Purdue, John
PURDUE, JOHN
During the mid-nineteenth century John Purdue (1802–1876) became a very successful dry-goods merchant and businessman in Lafayette, Indiana. He accumulated a fortune by beginning a newspaper, The Lafayette Journal, in his adopted hometown of Lafayette. Toward the end of his business career, in 1869, Purdue was the primary benefactor in the founding of Purdue University. He endowed the school with $150,000 and a mandate to maintain a college within the university to teach agriculture and "mechanic arts."
John Purdue was born on October 31, 1802, in Huntingdon County, Pennsylvania, the son of Charles and Mary Purdue. Purdue was the only son in a family of nine children born to this Scottish immigrant and his wife. The family moved to Ohio during Purdue's boyhood. In his twenties Purdue taught school for four years in the schools of Pickaway County, Ohio.
Not satisfied with teaching, however, John Purdue sought new opportunities farther west. He visited Lafayette, Indiana, and found it to be a flourishing trade center. He settled there in 1839. With his characteristic energy Purdue soon became one of the commercial leaders of the region. He conducted wholesale and retail dry-goods/grocery business for over 25 years. In addition, during the 1850s he and a partner operated a profitable "commission house" in New York City. Purdue made a great deal of money, but his unsuccessful political ambitions and unprofitable investments in local manufacturing and railway enterprises caused him to lose money in far-sighted endeavors with the civic development of Indiana.

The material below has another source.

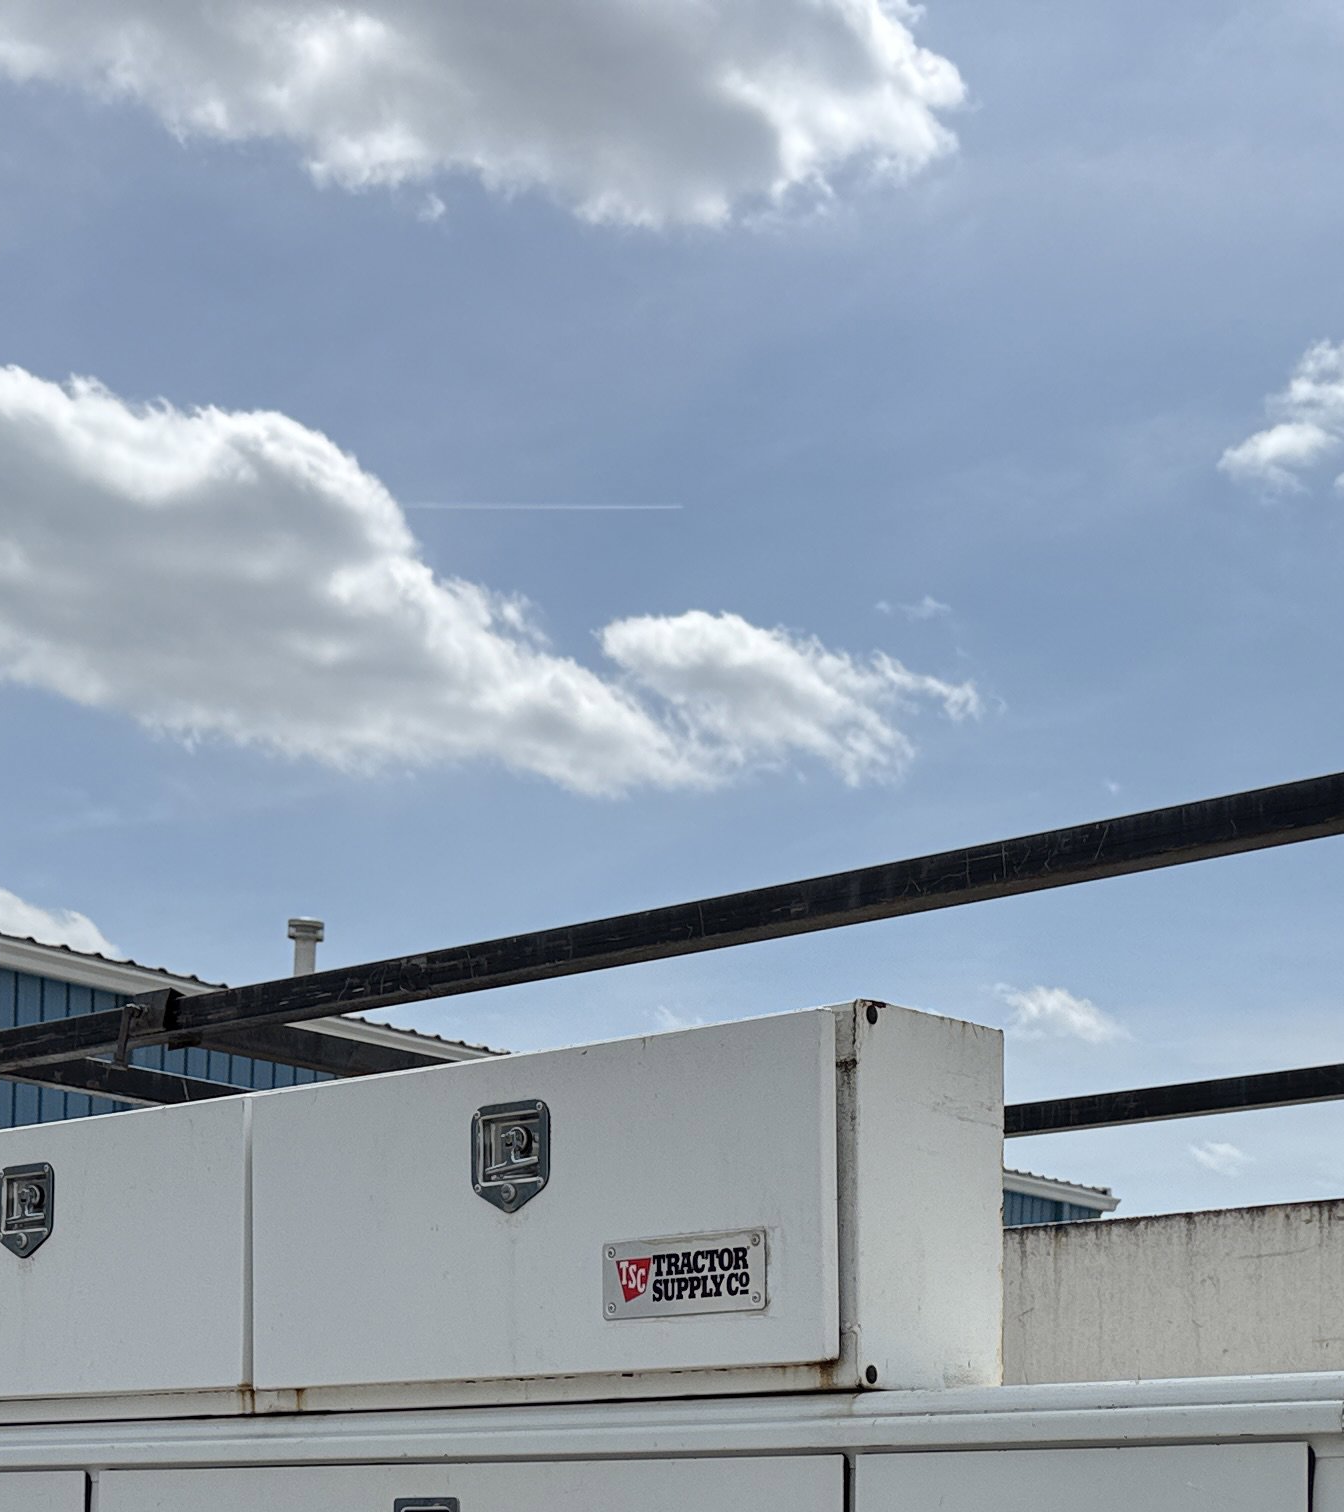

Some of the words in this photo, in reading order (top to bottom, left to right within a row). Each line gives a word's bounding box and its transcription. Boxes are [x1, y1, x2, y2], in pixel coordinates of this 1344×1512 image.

[619, 1260, 646, 1293] TSC
[652, 1246, 749, 1277] TRACTOR
[652, 1273, 726, 1302] SUPPLY
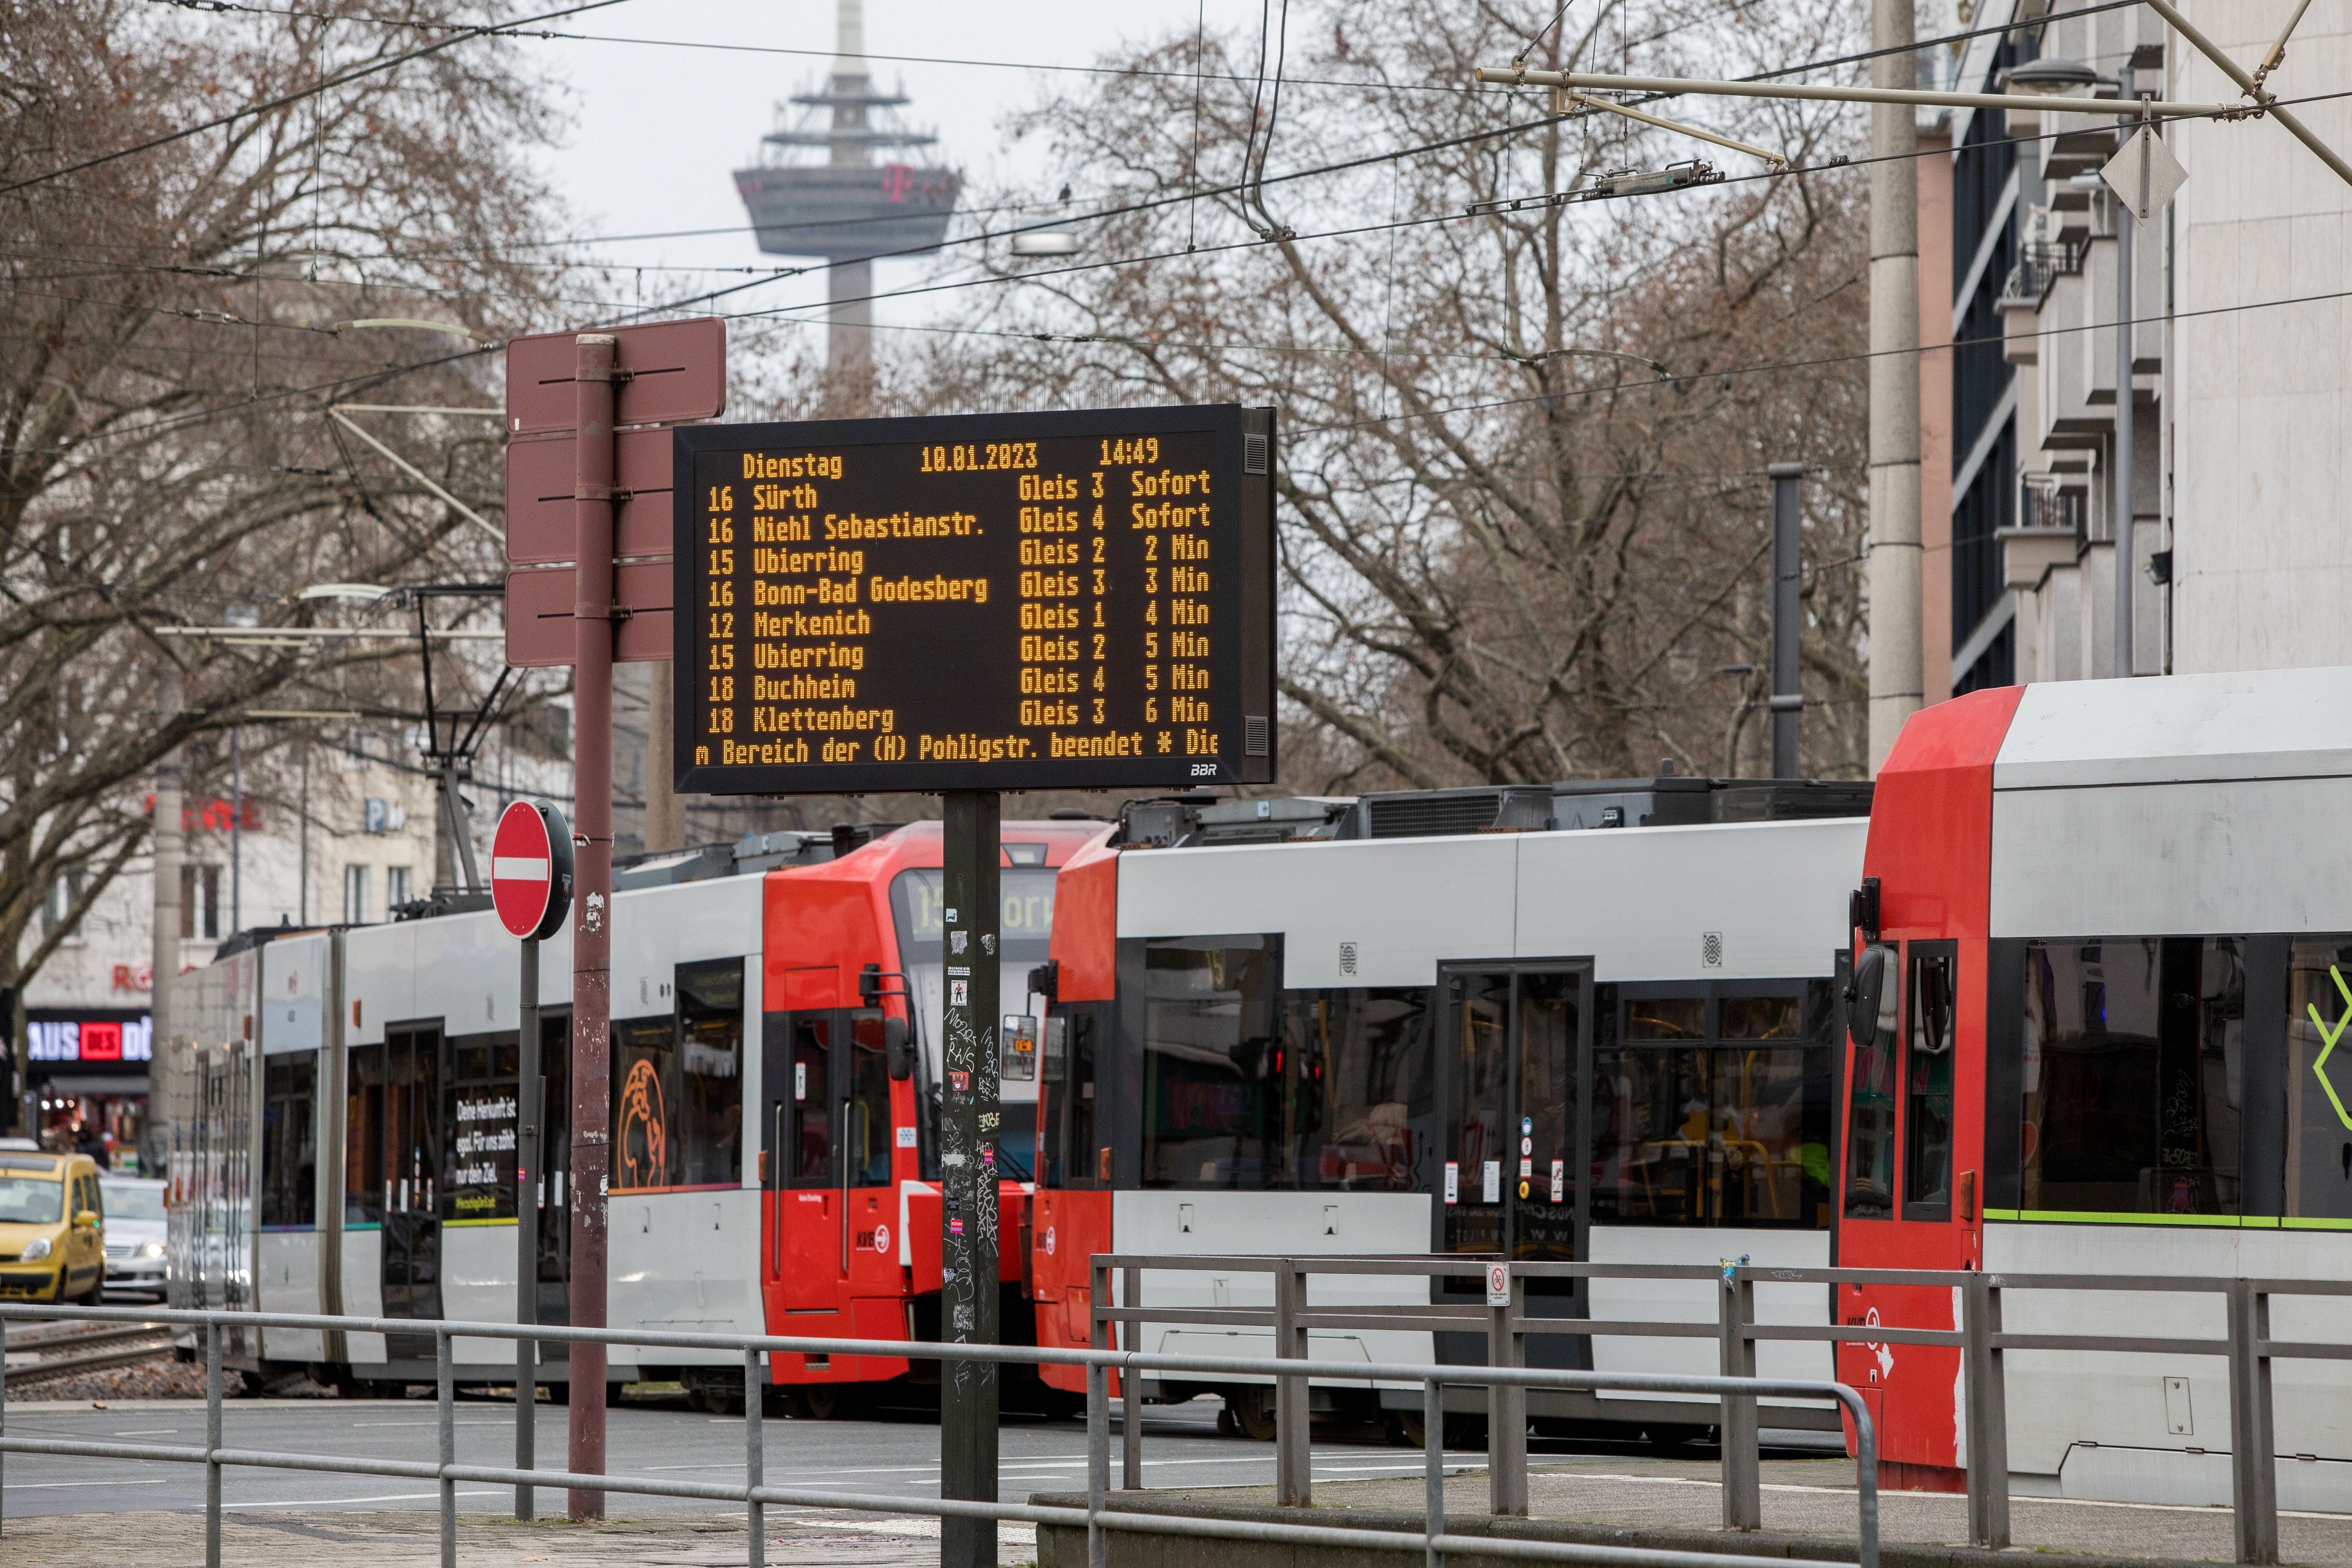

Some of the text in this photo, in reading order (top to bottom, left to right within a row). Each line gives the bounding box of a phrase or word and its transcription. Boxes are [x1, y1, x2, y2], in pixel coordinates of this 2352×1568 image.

Influenced by his long-ago work in public schools, Purdue continued to promote all educational enterprises in Indiana. After Congress passed the Land-Grant College Act in 1862, the Indiana legislature gave legal status to the Indiana Agricultural College in 1865. To secure a location for the college in Tippecanoe county, near Lafayette, Illinois, Purdue donated $150,000 in 1869. These funds supplemented certain lands and buildings already accrued by the citizens of the county with their $50,000 donation. With his large donation, Purdue was able to specify that the institution bear his name, which it does.
John Purdue died in on September 12, 1876, at age 73. He was buried, as he requested, on the campus of the university. An unmarked stone was placed at the head of his grave. Purdue never married; Purdue University was his legacy to the future.
See also: Land Grant College
FURTHER READING
Cambridge Dictionary of American Biography. New York: Cambridge University Press, 1995, s.v. "Purdue, John."
"History," [cited July 26, 1999] Available on the World Wide Web @ www.purdue.edu/OOP/facts/facts_history.html.
National Association of State Universities and Land-Grant Colleges. The Land-Grant Tradition. Washington DC: National Association of State Universities and Land-Grant Colleges, 1995.
Topping, Robert W. A Century and Beyond-The History of Purdue University. West Lafayette: Purdue University Press, 1988.
Wilson, William E. Indiana History. Bloomington: Indiana University Press, 1966.